= Referring expression grounding data =
[Start of section]
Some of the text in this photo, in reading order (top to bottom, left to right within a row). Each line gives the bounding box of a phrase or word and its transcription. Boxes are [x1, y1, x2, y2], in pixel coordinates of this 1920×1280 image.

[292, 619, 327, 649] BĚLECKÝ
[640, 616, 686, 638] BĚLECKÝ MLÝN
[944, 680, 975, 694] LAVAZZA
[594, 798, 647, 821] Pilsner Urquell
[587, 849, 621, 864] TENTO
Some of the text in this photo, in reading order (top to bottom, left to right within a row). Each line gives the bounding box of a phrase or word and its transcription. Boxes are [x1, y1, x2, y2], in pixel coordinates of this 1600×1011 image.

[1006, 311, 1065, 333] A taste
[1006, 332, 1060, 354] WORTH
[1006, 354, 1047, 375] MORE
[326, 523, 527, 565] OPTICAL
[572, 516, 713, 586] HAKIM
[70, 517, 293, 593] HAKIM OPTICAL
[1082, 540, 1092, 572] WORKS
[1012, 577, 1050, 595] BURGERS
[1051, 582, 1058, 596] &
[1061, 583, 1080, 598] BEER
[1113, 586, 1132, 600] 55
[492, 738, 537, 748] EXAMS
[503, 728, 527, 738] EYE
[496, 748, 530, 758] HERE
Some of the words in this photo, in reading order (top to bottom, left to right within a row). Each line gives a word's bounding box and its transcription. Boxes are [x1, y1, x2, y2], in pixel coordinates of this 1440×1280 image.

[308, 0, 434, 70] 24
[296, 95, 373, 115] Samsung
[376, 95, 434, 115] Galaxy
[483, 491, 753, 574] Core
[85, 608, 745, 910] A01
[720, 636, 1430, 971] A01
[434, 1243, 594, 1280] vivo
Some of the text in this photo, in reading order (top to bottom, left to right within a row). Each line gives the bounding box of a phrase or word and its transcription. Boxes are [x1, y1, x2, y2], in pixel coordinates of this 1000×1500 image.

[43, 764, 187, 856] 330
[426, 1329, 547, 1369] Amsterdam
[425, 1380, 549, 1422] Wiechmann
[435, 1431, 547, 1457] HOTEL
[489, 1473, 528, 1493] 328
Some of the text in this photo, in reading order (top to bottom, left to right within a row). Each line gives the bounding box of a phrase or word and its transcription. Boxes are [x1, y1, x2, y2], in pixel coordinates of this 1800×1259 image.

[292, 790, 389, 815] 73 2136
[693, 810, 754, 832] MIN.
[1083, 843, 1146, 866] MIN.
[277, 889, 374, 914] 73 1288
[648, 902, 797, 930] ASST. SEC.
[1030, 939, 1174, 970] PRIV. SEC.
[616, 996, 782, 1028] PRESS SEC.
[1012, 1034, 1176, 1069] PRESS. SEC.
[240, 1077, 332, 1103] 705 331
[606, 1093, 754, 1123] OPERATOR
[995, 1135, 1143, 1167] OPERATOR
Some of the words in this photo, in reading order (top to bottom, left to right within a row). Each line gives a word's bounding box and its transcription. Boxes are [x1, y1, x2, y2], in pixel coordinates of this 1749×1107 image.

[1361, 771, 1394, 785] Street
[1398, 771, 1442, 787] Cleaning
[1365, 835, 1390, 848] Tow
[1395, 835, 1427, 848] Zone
[End of section]
= TASK DESCRIPTION =
Each record above needs to be set down again, word for word.

= OUTPUT BELOW =
Some of the text in this photo, in reading order (top to bottom, left to right within a row). Each line gives the bounding box of a phrase or word and its transcription. Boxes are [x1, y1, x2, y2], in pixel coordinates of this 1920×1280 image.

[292, 619, 327, 649] BĚLECKÝ
[640, 616, 686, 638] BĚLECKÝ MLÝN
[944, 680, 975, 694] LAVAZZA
[594, 798, 647, 821] Pilsner Urquell
[587, 849, 621, 864] TENTO
Some of the text in this photo, in reading order (top to bottom, left to right within a row). Each line gives the bounding box of a phrase or word and its transcription. Boxes are [x1, y1, x2, y2], in pixel coordinates of this 1600×1011 image.

[1006, 311, 1065, 333] A taste
[1006, 332, 1060, 354] WORTH
[1006, 354, 1047, 375] MORE
[326, 523, 527, 565] OPTICAL
[572, 516, 713, 586] HAKIM
[70, 517, 293, 593] HAKIM OPTICAL
[1082, 540, 1092, 572] WORKS
[1012, 577, 1050, 595] BURGERS
[1051, 582, 1058, 596] &
[1061, 583, 1080, 598] BEER
[1113, 586, 1132, 600] 55
[492, 738, 537, 748] EXAMS
[503, 728, 527, 738] EYE
[496, 748, 530, 758] HERE
Some of the words in this photo, in reading order (top to bottom, left to right within a row). Each line gives a word's bounding box and its transcription. Boxes are [x1, y1, x2, y2], in pixel coordinates of this 1440×1280 image.

[308, 0, 434, 70] 24
[296, 95, 373, 115] Samsung
[376, 95, 434, 115] Galaxy
[483, 491, 753, 574] Core
[85, 608, 745, 910] A01
[720, 636, 1430, 971] A01
[434, 1243, 594, 1280] vivo
Some of the text in this photo, in reading order (top to bottom, left to right within a row). Each line gives the bounding box of a phrase or word and its transcription. Boxes are [x1, y1, x2, y2], in pixel coordinates of this 1000×1500 image.

[43, 764, 187, 856] 330
[426, 1329, 547, 1369] Amsterdam
[425, 1380, 549, 1422] Wiechmann
[435, 1431, 547, 1457] HOTEL
[489, 1473, 528, 1493] 328
Some of the text in this photo, in reading order (top to bottom, left to right within a row). Each line gives the bounding box of a phrase or word and its transcription. Boxes are [x1, y1, x2, y2], in pixel coordinates of this 1800×1259 image.

[292, 790, 389, 815] 73 2136
[693, 810, 754, 832] MIN.
[1083, 843, 1146, 866] MIN.
[277, 889, 374, 914] 73 1288
[648, 902, 797, 930] ASST. SEC.
[1030, 939, 1174, 970] PRIV. SEC.
[616, 996, 782, 1028] PRESS SEC.
[1012, 1034, 1176, 1069] PRESS. SEC.
[240, 1077, 332, 1103] 705 331
[606, 1093, 754, 1123] OPERATOR
[995, 1135, 1143, 1167] OPERATOR
Some of the words in this photo, in reading order (top to bottom, left to right within a row). Each line gives a word's bounding box and its transcription. Boxes are [x1, y1, x2, y2], in pixel coordinates of this 1749×1107 image.

[1361, 771, 1394, 785] Street
[1398, 771, 1442, 787] Cleaning
[1365, 835, 1390, 848] Tow
[1395, 835, 1427, 848] Zone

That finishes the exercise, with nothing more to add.